**TASK GOAL**
Nothing in the data is to be left out; copy it exactly.

**RECORDED DATA**
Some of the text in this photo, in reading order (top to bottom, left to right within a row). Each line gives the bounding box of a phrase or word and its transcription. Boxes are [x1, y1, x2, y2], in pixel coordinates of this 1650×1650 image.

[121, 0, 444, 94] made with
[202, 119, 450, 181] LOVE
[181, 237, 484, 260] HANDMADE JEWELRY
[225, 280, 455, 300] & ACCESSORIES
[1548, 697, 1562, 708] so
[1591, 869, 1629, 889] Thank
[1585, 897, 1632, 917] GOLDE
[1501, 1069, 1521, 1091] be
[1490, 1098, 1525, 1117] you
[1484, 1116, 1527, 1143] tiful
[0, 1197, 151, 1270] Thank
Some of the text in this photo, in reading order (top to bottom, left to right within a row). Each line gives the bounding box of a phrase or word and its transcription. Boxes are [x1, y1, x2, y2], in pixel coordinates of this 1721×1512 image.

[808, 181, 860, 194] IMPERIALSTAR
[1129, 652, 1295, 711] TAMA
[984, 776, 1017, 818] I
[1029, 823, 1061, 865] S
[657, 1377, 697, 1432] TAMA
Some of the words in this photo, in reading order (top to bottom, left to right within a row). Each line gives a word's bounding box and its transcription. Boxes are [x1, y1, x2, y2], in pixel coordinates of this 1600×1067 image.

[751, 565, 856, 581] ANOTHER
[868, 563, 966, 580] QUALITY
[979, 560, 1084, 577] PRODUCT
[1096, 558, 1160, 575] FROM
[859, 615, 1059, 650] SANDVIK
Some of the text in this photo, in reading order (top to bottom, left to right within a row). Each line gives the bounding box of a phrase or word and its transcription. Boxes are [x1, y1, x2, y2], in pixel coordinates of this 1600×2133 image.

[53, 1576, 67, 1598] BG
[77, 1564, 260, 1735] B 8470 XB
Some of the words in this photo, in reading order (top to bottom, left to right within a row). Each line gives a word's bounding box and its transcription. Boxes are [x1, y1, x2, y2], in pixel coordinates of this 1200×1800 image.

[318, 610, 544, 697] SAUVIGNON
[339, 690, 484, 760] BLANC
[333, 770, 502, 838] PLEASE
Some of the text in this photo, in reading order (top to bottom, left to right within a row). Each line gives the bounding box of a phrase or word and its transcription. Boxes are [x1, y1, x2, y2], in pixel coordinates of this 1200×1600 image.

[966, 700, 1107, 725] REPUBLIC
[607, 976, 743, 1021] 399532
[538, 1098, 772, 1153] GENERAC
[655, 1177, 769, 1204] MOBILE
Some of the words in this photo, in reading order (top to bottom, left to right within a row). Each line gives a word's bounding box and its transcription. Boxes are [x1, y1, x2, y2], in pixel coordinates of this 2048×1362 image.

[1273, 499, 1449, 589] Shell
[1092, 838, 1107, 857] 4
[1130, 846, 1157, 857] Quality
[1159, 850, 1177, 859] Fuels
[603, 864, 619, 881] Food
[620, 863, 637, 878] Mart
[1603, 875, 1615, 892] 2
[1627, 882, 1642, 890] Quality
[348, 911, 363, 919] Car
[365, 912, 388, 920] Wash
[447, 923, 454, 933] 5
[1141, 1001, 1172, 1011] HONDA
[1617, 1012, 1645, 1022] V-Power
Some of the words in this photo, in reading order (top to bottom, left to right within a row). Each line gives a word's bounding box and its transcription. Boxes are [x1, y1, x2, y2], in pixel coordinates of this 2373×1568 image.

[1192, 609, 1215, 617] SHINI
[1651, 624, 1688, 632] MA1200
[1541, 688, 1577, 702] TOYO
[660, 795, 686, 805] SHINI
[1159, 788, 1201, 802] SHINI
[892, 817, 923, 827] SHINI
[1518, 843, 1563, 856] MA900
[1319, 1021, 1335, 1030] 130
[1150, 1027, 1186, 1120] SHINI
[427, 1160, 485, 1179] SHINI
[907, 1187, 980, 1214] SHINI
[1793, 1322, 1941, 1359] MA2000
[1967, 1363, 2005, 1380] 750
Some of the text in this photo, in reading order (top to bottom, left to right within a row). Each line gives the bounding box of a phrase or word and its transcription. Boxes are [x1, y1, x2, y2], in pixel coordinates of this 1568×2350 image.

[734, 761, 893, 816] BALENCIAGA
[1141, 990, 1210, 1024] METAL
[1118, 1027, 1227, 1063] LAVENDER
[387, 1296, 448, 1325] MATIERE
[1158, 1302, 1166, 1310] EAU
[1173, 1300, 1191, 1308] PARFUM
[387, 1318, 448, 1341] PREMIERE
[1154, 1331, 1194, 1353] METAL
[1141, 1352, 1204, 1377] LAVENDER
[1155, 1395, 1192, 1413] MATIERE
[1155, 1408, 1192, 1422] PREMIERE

**TASK OUTPUT**
Some of the text in this photo, in reading order (top to bottom, left to right within a row). Each line gives the bounding box of a phrase or word and its transcription. Boxes are [x1, y1, x2, y2], in pixel coordinates of this 1650×1650 image.

[121, 0, 444, 94] made with
[202, 119, 450, 181] LOVE
[181, 237, 484, 260] HANDMADE JEWELRY
[225, 280, 455, 300] & ACCESSORIES
[1548, 697, 1562, 708] so
[1591, 869, 1629, 889] Thank
[1585, 897, 1632, 917] GOLDE
[1501, 1069, 1521, 1091] be
[1490, 1098, 1525, 1117] you
[1484, 1116, 1527, 1143] tiful
[0, 1197, 151, 1270] Thank
Some of the text in this photo, in reading order (top to bottom, left to right within a row). Each line gives the bounding box of a phrase or word and its transcription. Boxes are [x1, y1, x2, y2], in pixel coordinates of this 1721×1512 image.

[808, 181, 860, 194] IMPERIALSTAR
[1129, 652, 1295, 711] TAMA
[984, 776, 1017, 818] I
[1029, 823, 1061, 865] S
[657, 1377, 697, 1432] TAMA
Some of the words in this photo, in reading order (top to bottom, left to right within a row). Each line gives a word's bounding box and its transcription. Boxes are [x1, y1, x2, y2], in pixel coordinates of this 1600×1067 image.

[751, 565, 856, 581] ANOTHER
[868, 563, 966, 580] QUALITY
[979, 560, 1084, 577] PRODUCT
[1096, 558, 1160, 575] FROM
[859, 615, 1059, 650] SANDVIK
Some of the text in this photo, in reading order (top to bottom, left to right within a row). Each line gives the bounding box of a phrase or word and its transcription. Boxes are [x1, y1, x2, y2], in pixel coordinates of this 1600×2133 image.

[53, 1576, 67, 1598] BG
[77, 1564, 260, 1735] B 8470 XB
Some of the words in this photo, in reading order (top to bottom, left to right within a row). Each line gives a word's bounding box and its transcription. Boxes are [x1, y1, x2, y2], in pixel coordinates of this 1200×1800 image.

[318, 610, 544, 697] SAUVIGNON
[339, 690, 484, 760] BLANC
[333, 770, 502, 838] PLEASE
Some of the text in this photo, in reading order (top to bottom, left to right within a row). Each line gives the bounding box of a phrase or word and its transcription. Boxes are [x1, y1, x2, y2], in pixel coordinates of this 1200×1600 image.

[966, 700, 1107, 725] REPUBLIC
[607, 976, 743, 1021] 399532
[538, 1098, 772, 1153] GENERAC
[655, 1177, 769, 1204] MOBILE
Some of the words in this photo, in reading order (top to bottom, left to right within a row). Each line gives a word's bounding box and its transcription. Boxes are [x1, y1, x2, y2], in pixel coordinates of this 2048×1362 image.

[1273, 499, 1449, 589] Shell
[1092, 838, 1107, 857] 4
[1130, 846, 1157, 857] Quality
[1159, 850, 1177, 859] Fuels
[603, 864, 619, 881] Food
[620, 863, 637, 878] Mart
[1603, 875, 1615, 892] 2
[1627, 882, 1642, 890] Quality
[348, 911, 363, 919] Car
[365, 912, 388, 920] Wash
[447, 923, 454, 933] 5
[1141, 1001, 1172, 1011] HONDA
[1617, 1012, 1645, 1022] V-Power
Some of the words in this photo, in reading order (top to bottom, left to right within a row). Each line gives a word's bounding box and its transcription. Boxes are [x1, y1, x2, y2], in pixel coordinates of this 2373×1568 image.

[1192, 609, 1215, 617] SHINI
[1651, 624, 1688, 632] MA1200
[1541, 688, 1577, 702] TOYO
[660, 795, 686, 805] SHINI
[1159, 788, 1201, 802] SHINI
[892, 817, 923, 827] SHINI
[1518, 843, 1563, 856] MA900
[1319, 1021, 1335, 1030] 130
[1150, 1027, 1186, 1120] SHINI
[427, 1160, 485, 1179] SHINI
[907, 1187, 980, 1214] SHINI
[1793, 1322, 1941, 1359] MA2000
[1967, 1363, 2005, 1380] 750
Some of the text in this photo, in reading order (top to bottom, left to right within a row). Each line gives the bounding box of a phrase or word and its transcription. Boxes are [x1, y1, x2, y2], in pixel coordinates of this 1568×2350 image.

[734, 761, 893, 816] BALENCIAGA
[1141, 990, 1210, 1024] METAL
[1118, 1027, 1227, 1063] LAVENDER
[387, 1296, 448, 1325] MATIERE
[1158, 1302, 1166, 1310] EAU
[1173, 1300, 1191, 1308] PARFUM
[387, 1318, 448, 1341] PREMIERE
[1154, 1331, 1194, 1353] METAL
[1141, 1352, 1204, 1377] LAVENDER
[1155, 1395, 1192, 1413] MATIERE
[1155, 1408, 1192, 1422] PREMIERE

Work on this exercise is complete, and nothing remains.